Considering family business and innovation, past research has suggested that family ownership and its level of active involvement in management are major factors impacting firm innovativeness (Daspit, Chrisman, Sharma, Pearson, & Mahto, 2018; Luo, Li, Wang,& Liu, 2019; Muñoz-Bullón & Sanchez-Bueno, 2011; Sciascia, Nordqvist, Mazzola, & Massis, 2015). Hence, the R&D investment is also in the
hands of the owner. Researchers have gradually reached a consensus that family firms are not homogenous (Fang, Siau, Memili, & Dou, 2019) and differ from one another in several ways such as in top management organization, ownership structure and governance (Cannella, Jones, & Withers, 2015; Miller, Le Breton-Miller, & Lester, 2010; Miller, Le Breton-Miller, & Lester, 2011), which may be a major reason for the mixed findings. Therefore research is needed to follow the effect of a particular family member such as siblings to understand and conclude what could be the possible aspects of less and more investments in R&D considering various factors of their behavior and the resources they get.
2.4 Siblings relationship
Singapurwoko (2017) describes Sibling partnership that partially or inherits the family business from the previous generation. Though previous family generations may involve business, siblings from the same generations still hold ownership with equal proportions (Zona, 2015). With the ownership dispersion, the characteristic of sibling partnership is described by Lim, Lubatkin, & Wiseman (2010), “Lacking a clear controlling owner, each controlling sibling must solicit the cooperation of the other controlling siblings before pursuing risk-laden actions. We posit that despite the need for cooperation in managing the firm’s affairs, some sibling partnerships may become confrontational” (p. 201). Therefore, typically there are two types of sibling relations. For a family with more than one offspring, engaging as many as offspring in the company as executives can enhance significantly in family’s control over the firm, and this so-called “brothers in arms” will tend to take risk-averse measures (Chen et al., 2019; Lim et al., 2010). On the contrary, sibling rivalry will harm the harmony of the family firm, which results in a rise in risk-taking at least in the short-term (Chen et al., 2019). The outcome also implies SEW including family closeness, commitment, which can contribute to the decline in risk-taking. Their research investigates the influence of sibling relationships toward risk-taking, which is one dominant fact toward R&D investment. However, this situation aims at the second generation of the family firm, while it is still limited when siblings as co-owners already take over family firms, how they interact their roles concerning innovation input, especially R&D investment.

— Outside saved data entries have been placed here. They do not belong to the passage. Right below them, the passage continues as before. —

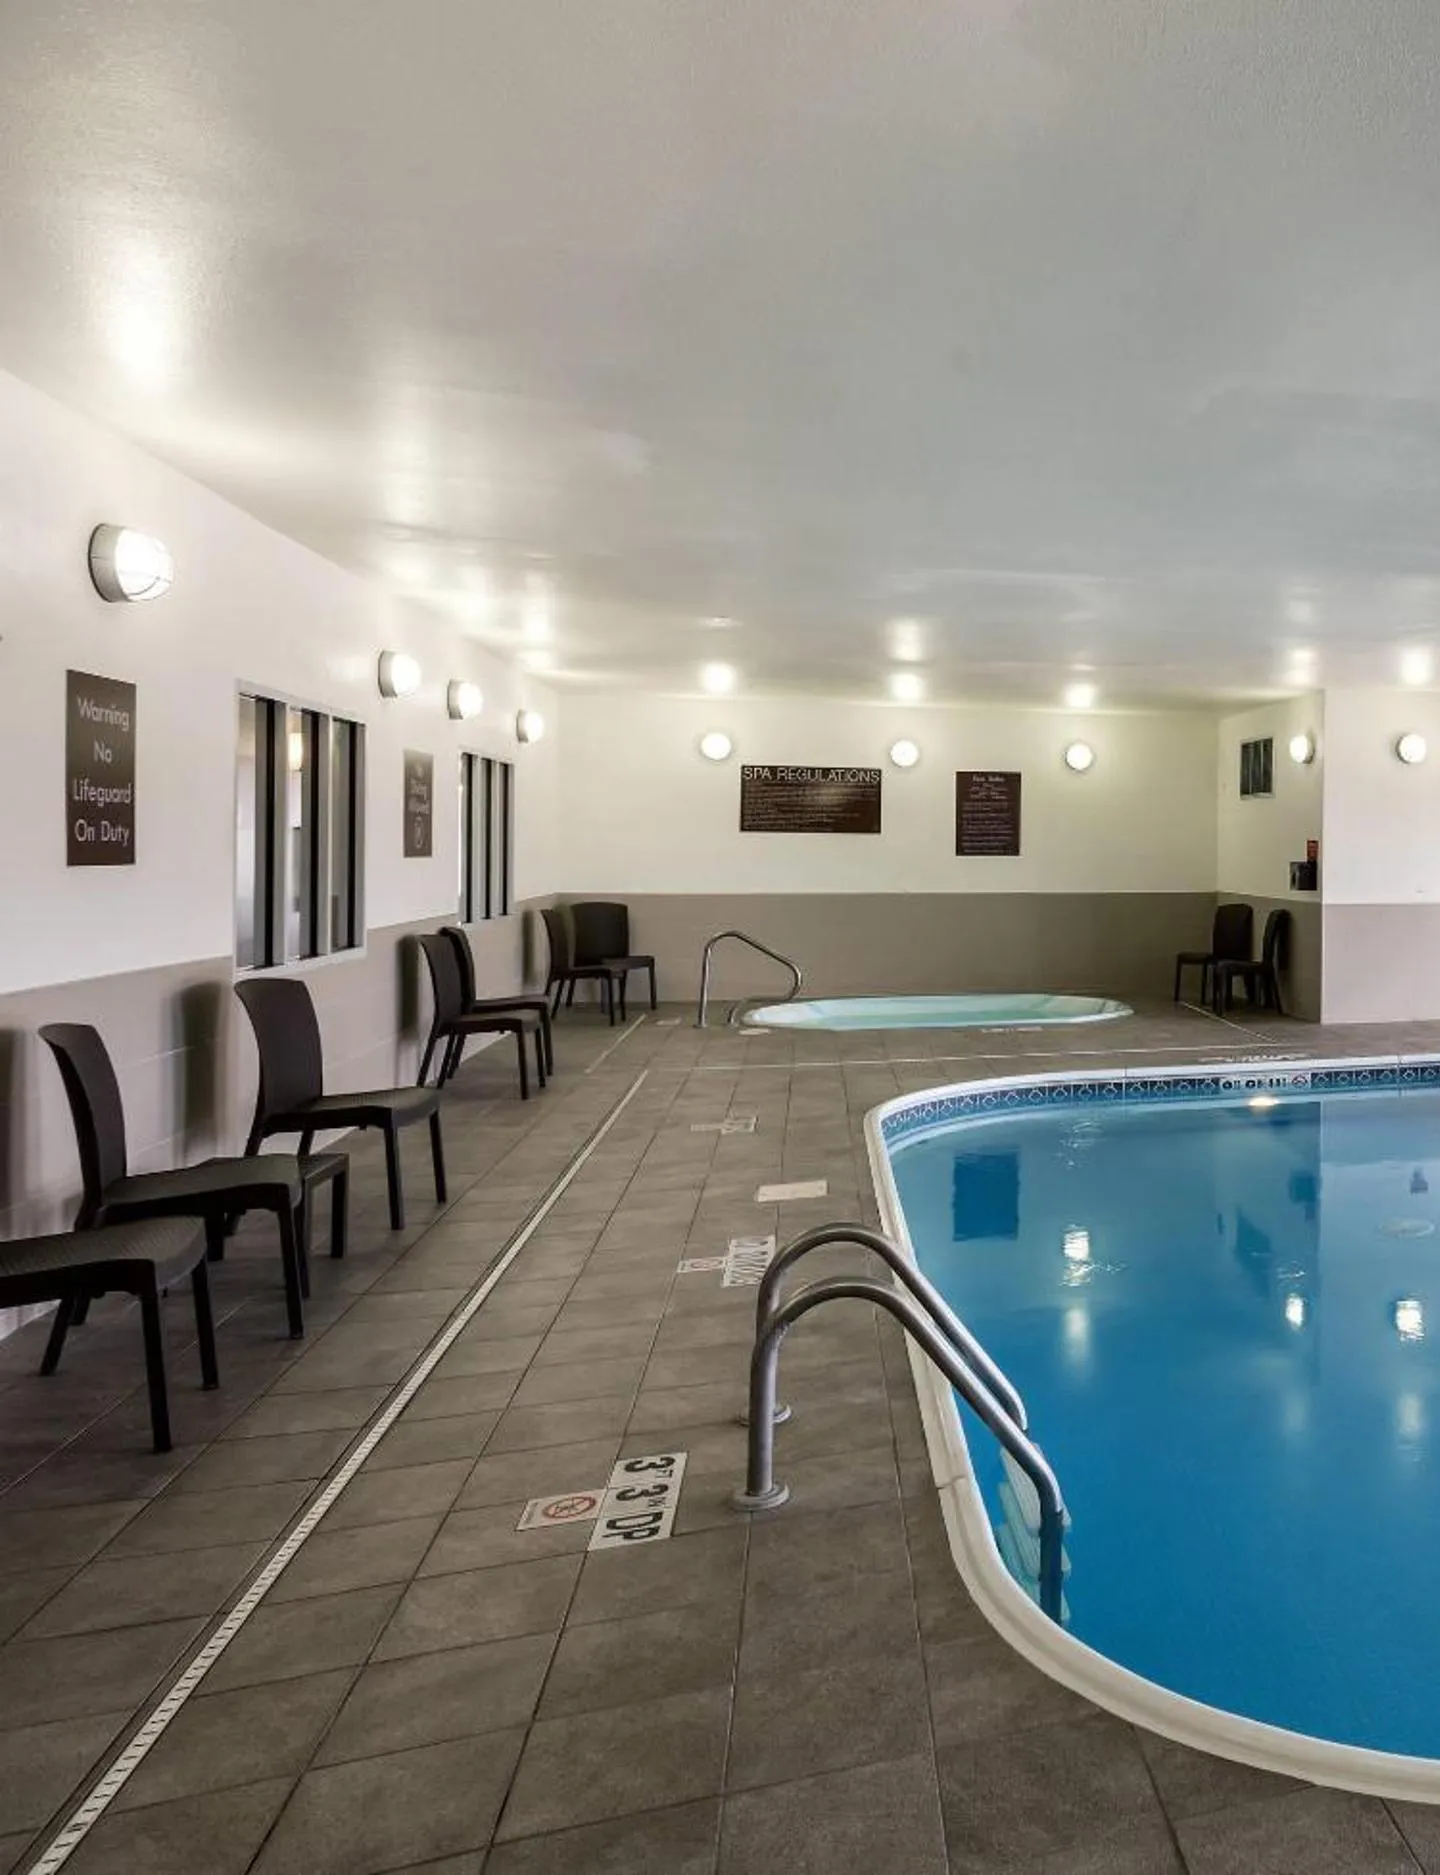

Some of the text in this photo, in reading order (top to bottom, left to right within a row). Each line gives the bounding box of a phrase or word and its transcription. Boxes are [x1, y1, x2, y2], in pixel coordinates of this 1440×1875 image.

[76, 698, 130, 731] Warning
[93, 740, 113, 764] No
[743, 767, 880, 783] SPA REGULATIONS
[73, 777, 132, 807] Lifeguard
[74, 818, 130, 846] On Duty
[602, 1512, 664, 1539] DP
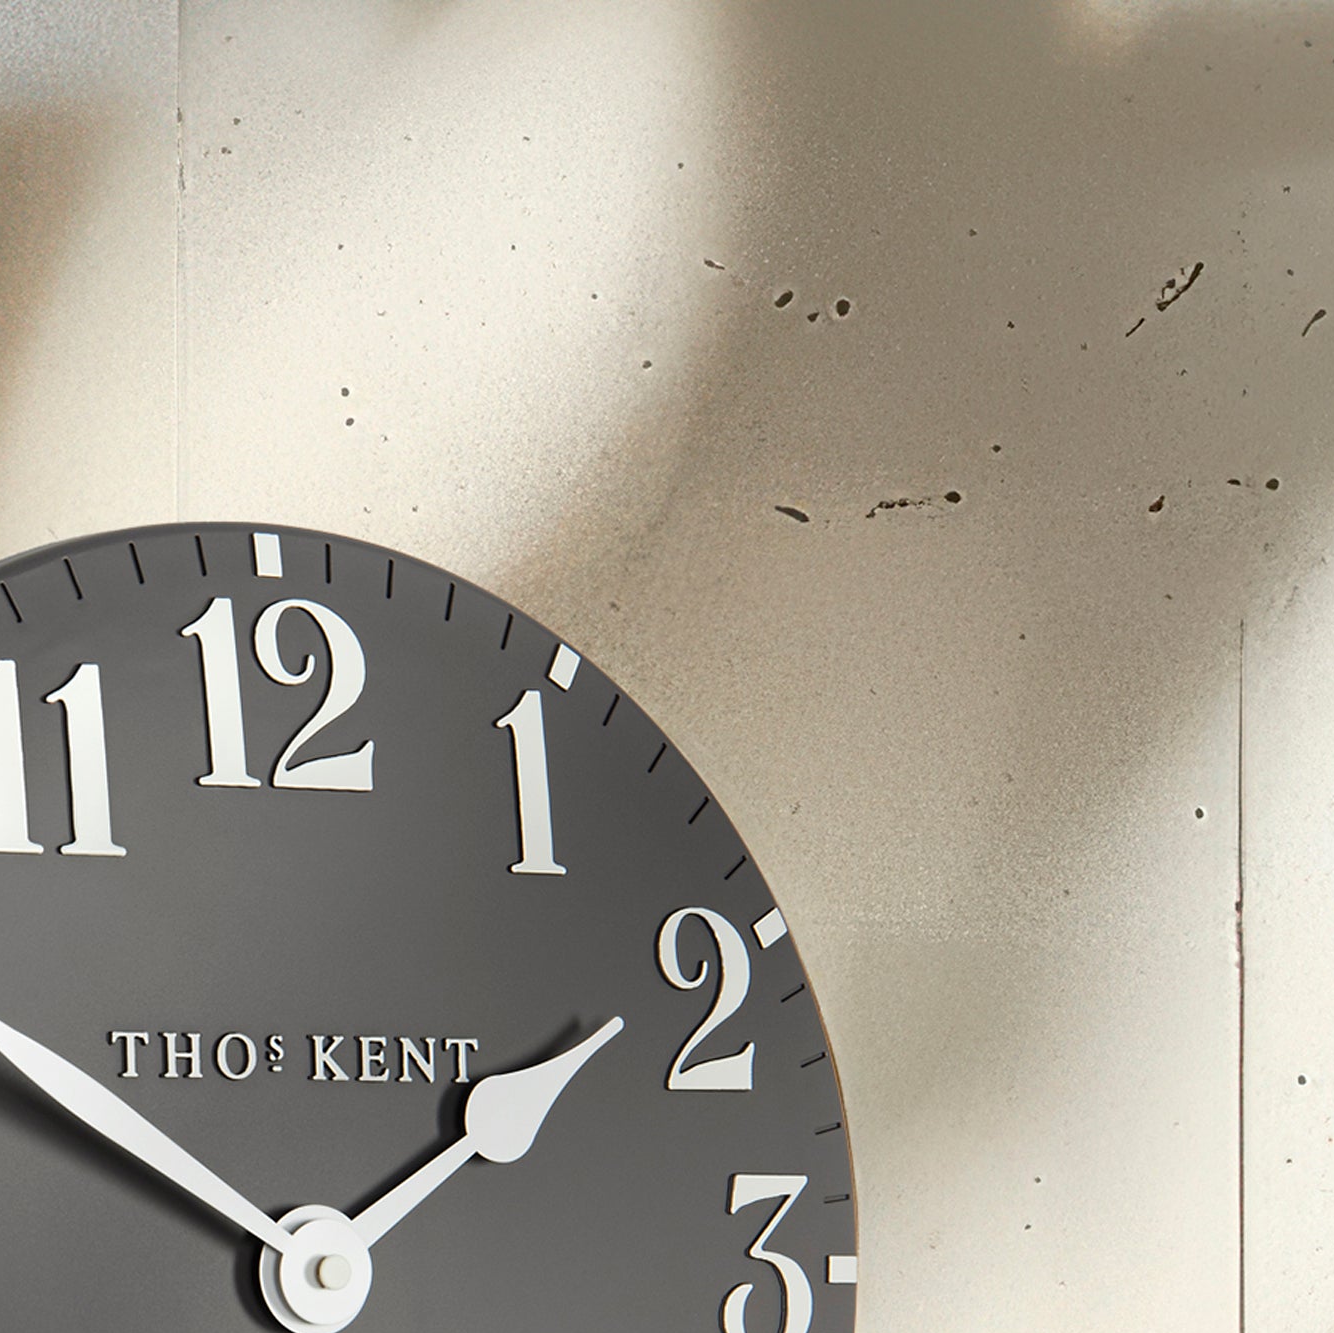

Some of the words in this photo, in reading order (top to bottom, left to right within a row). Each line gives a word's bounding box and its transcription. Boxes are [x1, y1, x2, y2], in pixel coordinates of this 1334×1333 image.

[181, 597, 375, 793] 12
[496, 689, 568, 876] 1
[312, 1034, 480, 1084] KENT
[657, 906, 756, 1092] 2
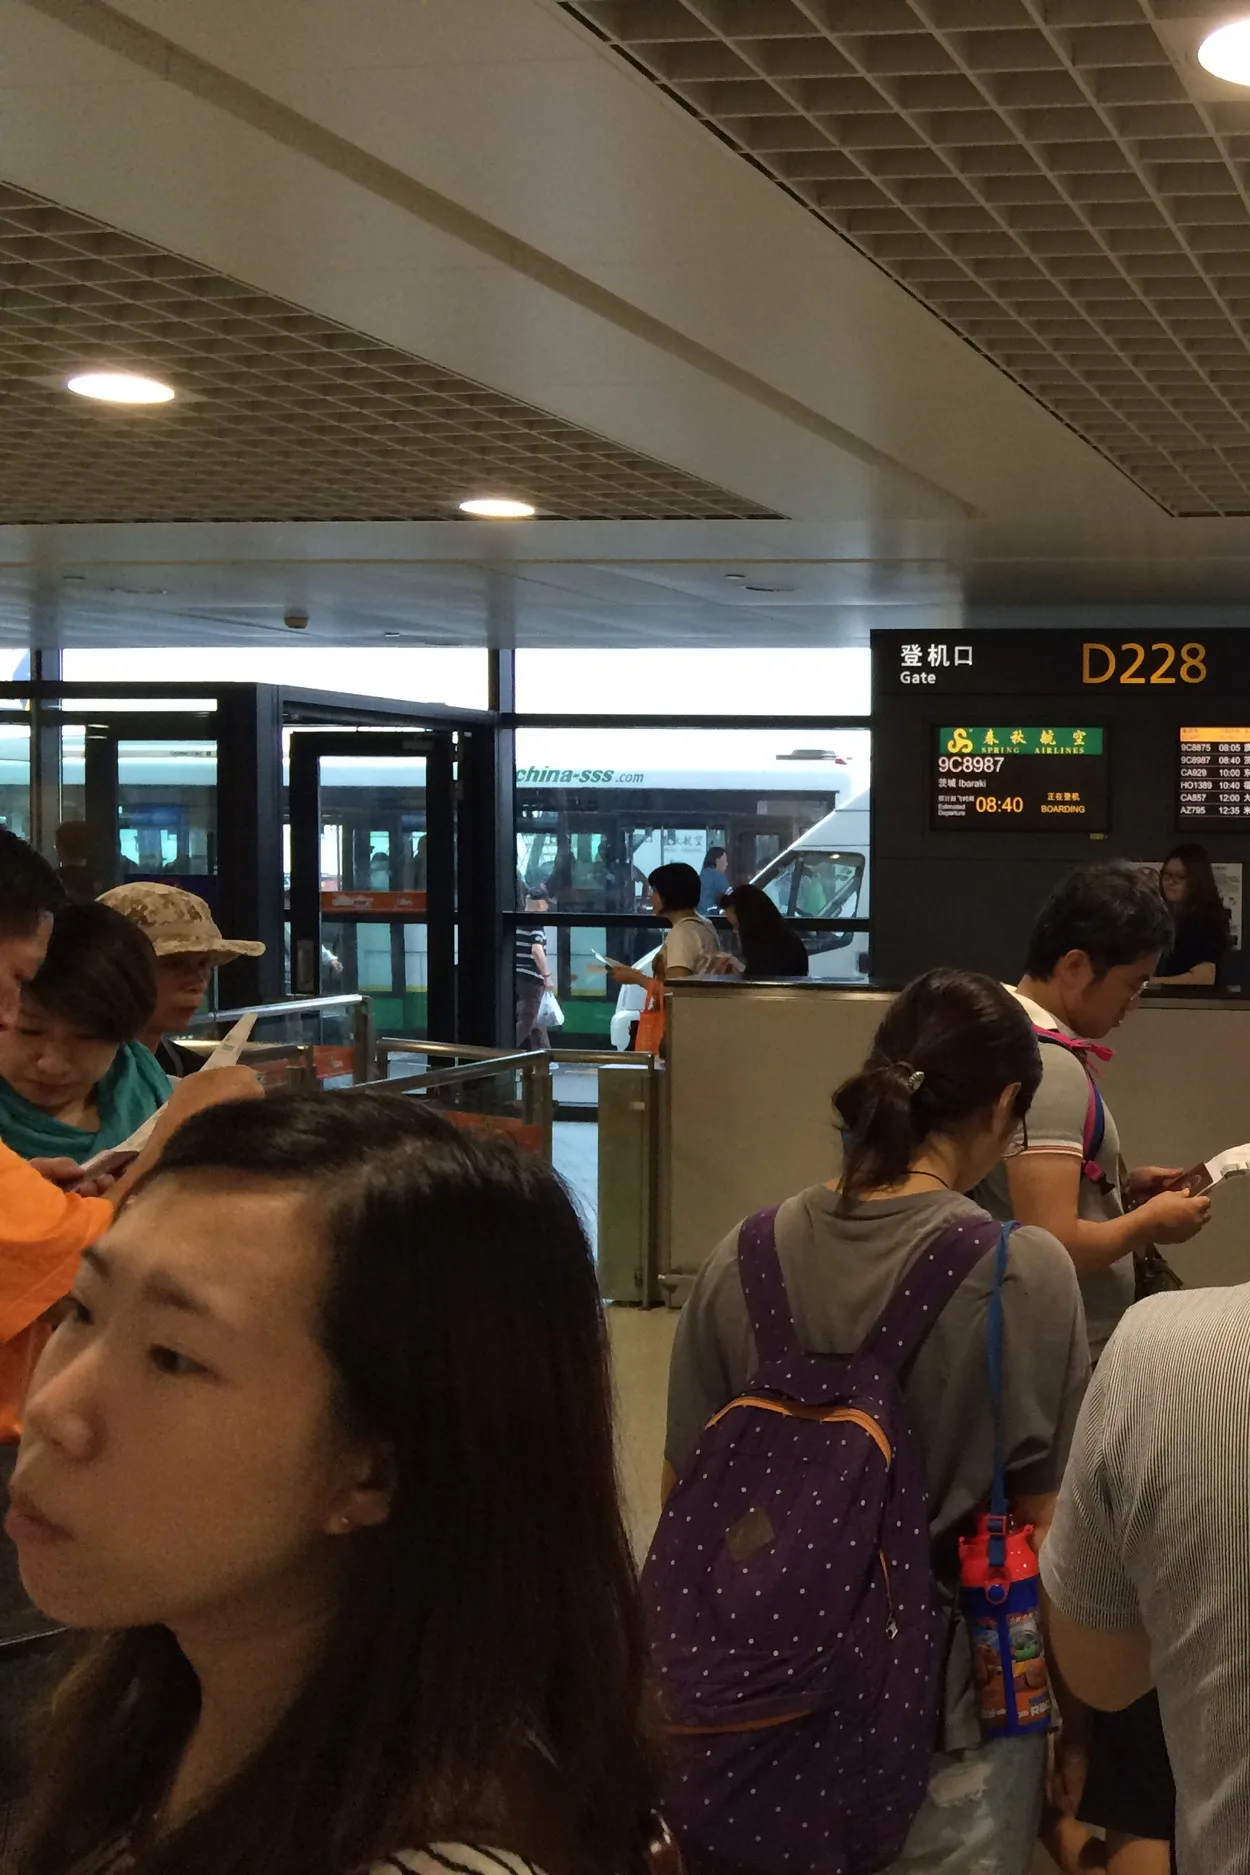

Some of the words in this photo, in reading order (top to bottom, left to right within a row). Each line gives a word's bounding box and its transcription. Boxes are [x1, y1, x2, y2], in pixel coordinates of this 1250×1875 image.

[900, 643, 973, 667] 登机口
[1082, 642, 1207, 684] D228
[900, 671, 937, 684] Gate
[983, 727, 1087, 746] 春秋航空
[981, 746, 1020, 754] SPRING
[1034, 746, 1085, 754] AIRLINES
[1218, 743, 1241, 752] 08:05
[938, 756, 1005, 773] 9C8987
[1180, 756, 1211, 765] 9C8987
[1218, 756, 1241, 765] 08:40
[1218, 768, 1241, 777] 10:00
[938, 777, 957, 788] 茨城
[958, 778, 987, 788] Ibaraki
[1218, 781, 1241, 790] 10:40
[1047, 792, 1080, 801] 正在登机
[1218, 794, 1241, 802] 12:00
[975, 796, 1024, 813] 08:40
[1040, 805, 1086, 814] BOARDING
[1180, 806, 1206, 815] AZ795
[1218, 806, 1241, 815] 12:35
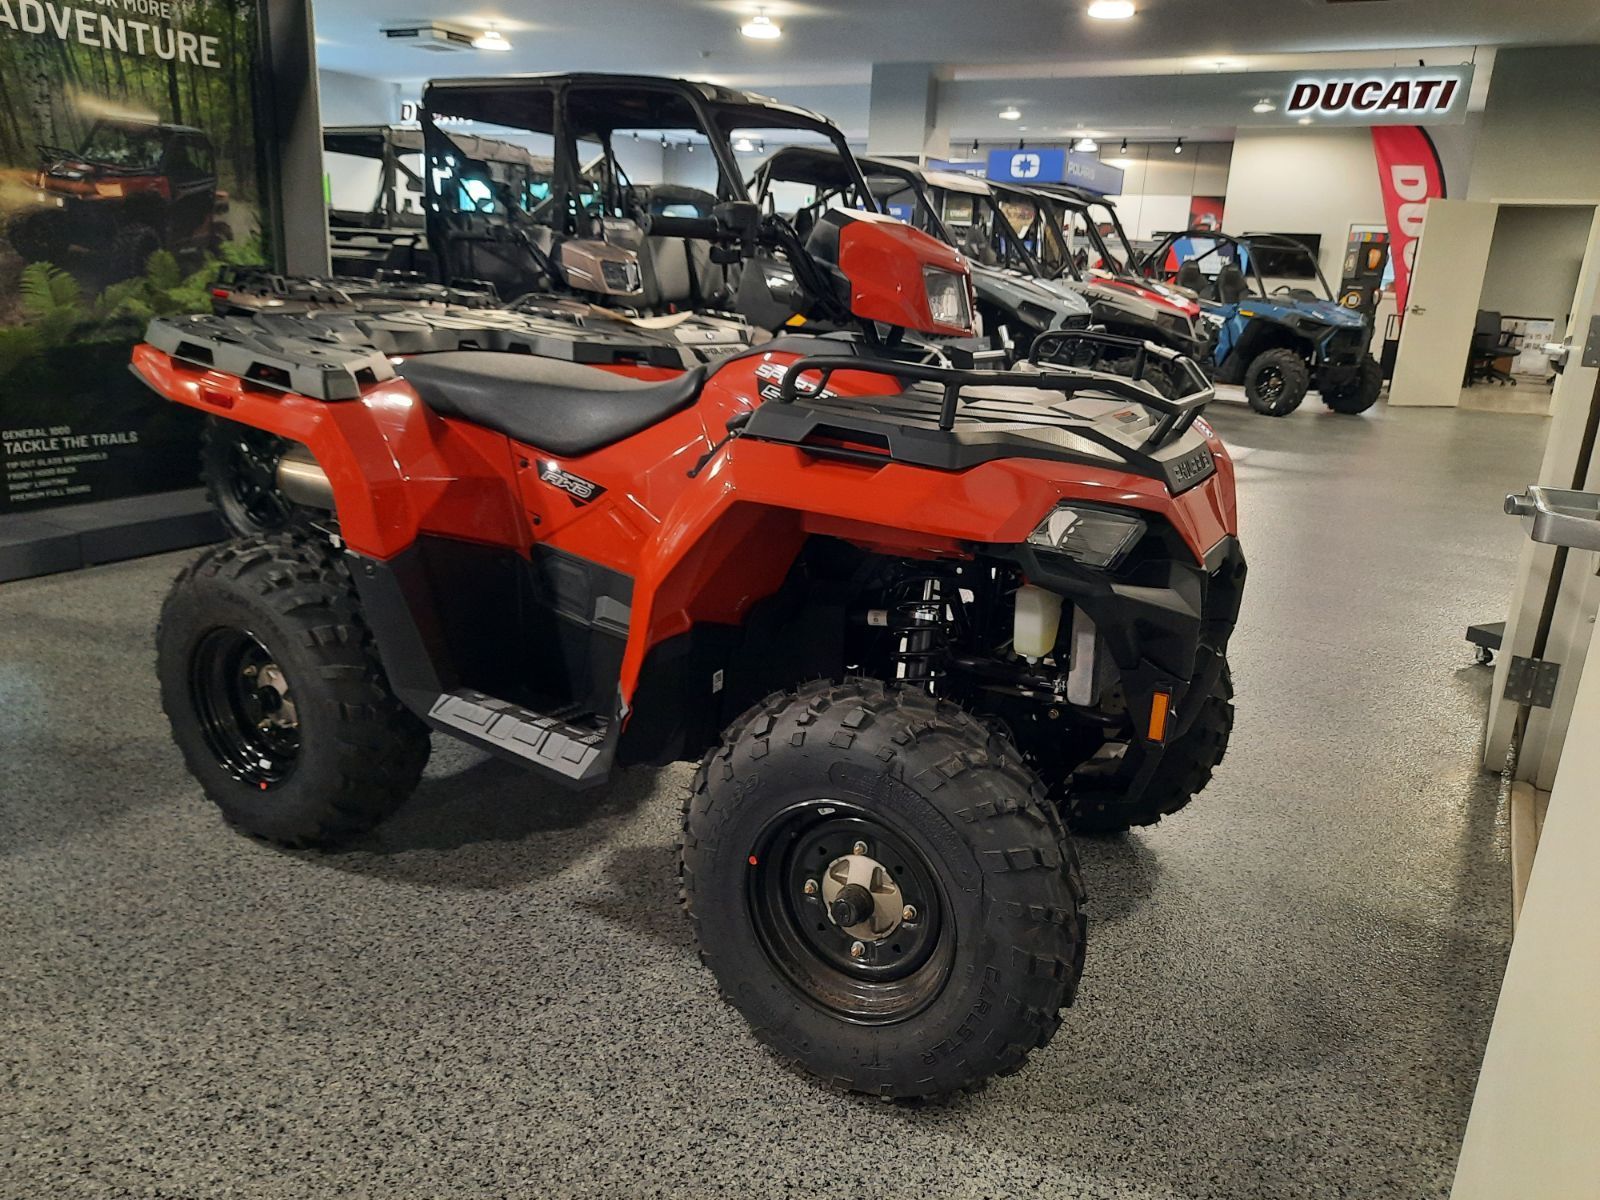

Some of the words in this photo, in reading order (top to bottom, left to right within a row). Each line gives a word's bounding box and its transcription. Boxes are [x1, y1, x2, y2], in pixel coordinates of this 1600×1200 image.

[123, 0, 171, 19] MORE
[0, 0, 221, 68] ADVENTURE
[1288, 80, 1458, 111] DUCATI
[4, 438, 59, 454] TACKLE
[61, 435, 88, 448] THE
[91, 431, 138, 446] TRAILS

2.4.1 Siblings behaviors under SEW
The level of embeddedness of family members in both the family and the business can contribute to different circumstance, even in the same family business context (Berrone et al., 2012; Le Breton-Miller, Miller, & Lester, 2011). Precisely, the complex relationship between siblings will be a great effect on company activities. The prevailing proxy in prior research to capture intensity of SEW is stock ownership in limited family actors and it shows the positive correlation between ownership and SEW (Berrone et al., 2012). In addition, the secondary proxy, percentage of family ownership, may be another alternative to observe by the archival database. As for the deep dimension, such as, siblings’ emotional bond, relationship and family commitment still need to be plowed due to variety from one person to another, even with the same level of ownership. Berrone et al., states “family firms are not a monolithic or homogeneous group of people with congruent interests, nor are all family businesses identical with respect to organizational characteristics and behaviors” (p. 261). Therefore, though most sibling's partnership is defined as a relatively equal for ownership among members on board, the potential divergence from individuals still exists (Zona, 2015). About making investment decisions, some research show co-owners will manoeuvres different plan, for instance voting or compromises (Zona, 2015; Schulze, Lubatkin, & Dino, 2001). However, there is still scarce evidence to prove how different sibling partnership affect R&D investment decisions in both direct and indirect way under SEW and this will be conducted in the paper by using SEWi scale.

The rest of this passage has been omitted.